Neo 0.13.0 release notes#

2nd February 2024

This release of Neo sees a lot of changes and improvements, with a documentation rewrite, final tweaks and refinements to the object model (in anticipation of a 1.0 release in the next few months), a new approach to filtering objects of interest from complex datasets, and a large number of bug fixes and performance improvements in IO modules. 23 people contributed to this release, which is a new record for Neo!

See all pull requests included in this release and the list of closed issues.

Refinements to the Neo object model#

In order to simplify the structure of Neo datasets, and make a clearer distinction between the Block-Segment-data hierarchy and the more flexible data-grouping functionality, we no longer allow Groups to contain Segments.

We have made the handling of RegionOfInterest subclasses consistent with ChannelView, i.e., just as a ChannelView gives a view of a subset of the channels in a multi-channel AnalogSignal, so the RegionOfInterest` subclasses give views of a subset of the pixels in an ImageSequence.

Neo now has automatic handling of relationships between objects. In previous versions, the child-parent relationships between objects had to be handled manually, for example when you added a SpikeTrain to a Segment, this created a parent-child relationship, but the reverse child-parent relationship was not automatically created, leading to potential inconsistencies. Now these relationships are created automatically, as the various child lists (Segment.spiketrains, Segment.analogsignals, Block.segments, etc.) are now represented by pseudo-list objects which take care of the book-keeping behind the scenes.

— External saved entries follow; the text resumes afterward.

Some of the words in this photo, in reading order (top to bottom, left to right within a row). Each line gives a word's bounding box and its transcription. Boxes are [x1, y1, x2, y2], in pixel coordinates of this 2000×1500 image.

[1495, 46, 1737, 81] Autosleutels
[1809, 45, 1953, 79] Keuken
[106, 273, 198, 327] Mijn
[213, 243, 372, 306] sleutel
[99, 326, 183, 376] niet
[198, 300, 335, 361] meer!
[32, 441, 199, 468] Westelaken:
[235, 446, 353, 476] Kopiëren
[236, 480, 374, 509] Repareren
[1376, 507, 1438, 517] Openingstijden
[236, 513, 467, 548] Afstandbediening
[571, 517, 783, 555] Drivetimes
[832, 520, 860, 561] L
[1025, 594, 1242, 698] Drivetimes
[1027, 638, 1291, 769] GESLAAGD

As a convenience, all Neo containers (Block, Segment, Group) now have an add() method that automatically puts the object in the correct list, for example:

segment.add(signal1, event2, spiketrain3)

instead of:

segment.analogsignals.append(signal1)
segment.events.append(event2)
segment.spiketrains.append(spiketrain3)

Documentation rewrite and new theme#

The Neo documentation has had a complete overhaul, with a rewrite aimed at providing different entry points to the documentation for different user needs, using the Sphinx IPython extension to ensure code snippets are always up-to-date, and a switch to the PyData Sphinx theme.

Improved filtering#

For complex datasets, it is often necessary to extract subsets of the data from a Neo object tree by filtering based on object types, names, and annotations. Neo’s filtering capabilities have been improved, with the addition of a new filters module.

For example, suppose we have a dataset from an animal performing a behavioural task. Our objective is to retain only the trials where the animal performed correctly, for one of the four trial types in the experiment, and where the recordings met certain quality criteria. Based on an annotated Neo dataset, we can extract the spike trains of interest in a single step, without for loops or complex list comprehensions, as follows:

import neo.core.filters as nf

# ... load data, `trial` is a Segment object ...

sua_spiketrains = trial.filter(
    objects=neo.SpikeTrain,
    targdict=[
        {"sua": True},                                # only single-unit activity
        {"electrode_reject_HFC": False},              # } exclude different types
        {"electrode_reject_LFC": False},              # } of artefacts
        {"electrode_reject_IFC": False},              # } or markers of poor-quality
        {"noise": False},                             # } recordings
        {"spike_count": nf.FilterGreaterThan(10000)}  # only use neurons with a sufficiently high firing rate
    ]
)

New IO modules#

Neo now supports MED format, with the new MedIO and MedRawIO classes.

Bug fixes and improvements in IO modules#

Bug fixes and/or improvements have been made to AsciiSignalIO, BCI2000IO, BiocamIO, BlackrockIO, IgorIO, IntanIO, KlustaKwikIO, MaxwellIO, MEArecIO, NeoMatlabIO, NeuralynxIO, NixIO, NWBIO, OpenEphysIO, PlexonIO, Plexon2IO, SpikeGLXIO, and TdtIO.

Other changes#

  • RawIO classes have a method parse_header() that extracts all the information from the formats and therefore is usually a computationally heavy process. A flag is_header_parsed has now been added, to avoid re-extracting the header information if it is already available. This can produce significant speed ups.

  • Type hints have been added to the baseio, baserawio, and exampleio modules, with the aim of helping developers who wish to add a new IO module.

  • All of the code is now formatted with black.

  • The continuous integration (CI) pipeline has been sped up.

Updated dependencies#

Neo now requires NumPy version >=1.20.3.

Acknowledgements#

Thanks to Julia Sprenger, Andrew Davison, Zach McKenzie, Alessio Buccino, Moritz Alexander Kern, Samuel Garcia, Heberto Mayorquin, Joscha Schmiedt, Daniel P. Crepeau, Divyansh Gupta, Nate Dolensek, Peter N. Steinmetz, Philipp Hornauer, Robert Wolff, Jules Lebert, Kyle Johnsen, Ben Dichter, Benjamin Heasly, Baptiste Grimaud, Cody Baker, Fernando J. Chaure, @Filipe, and Matthias Klumpp for their contributions to this release.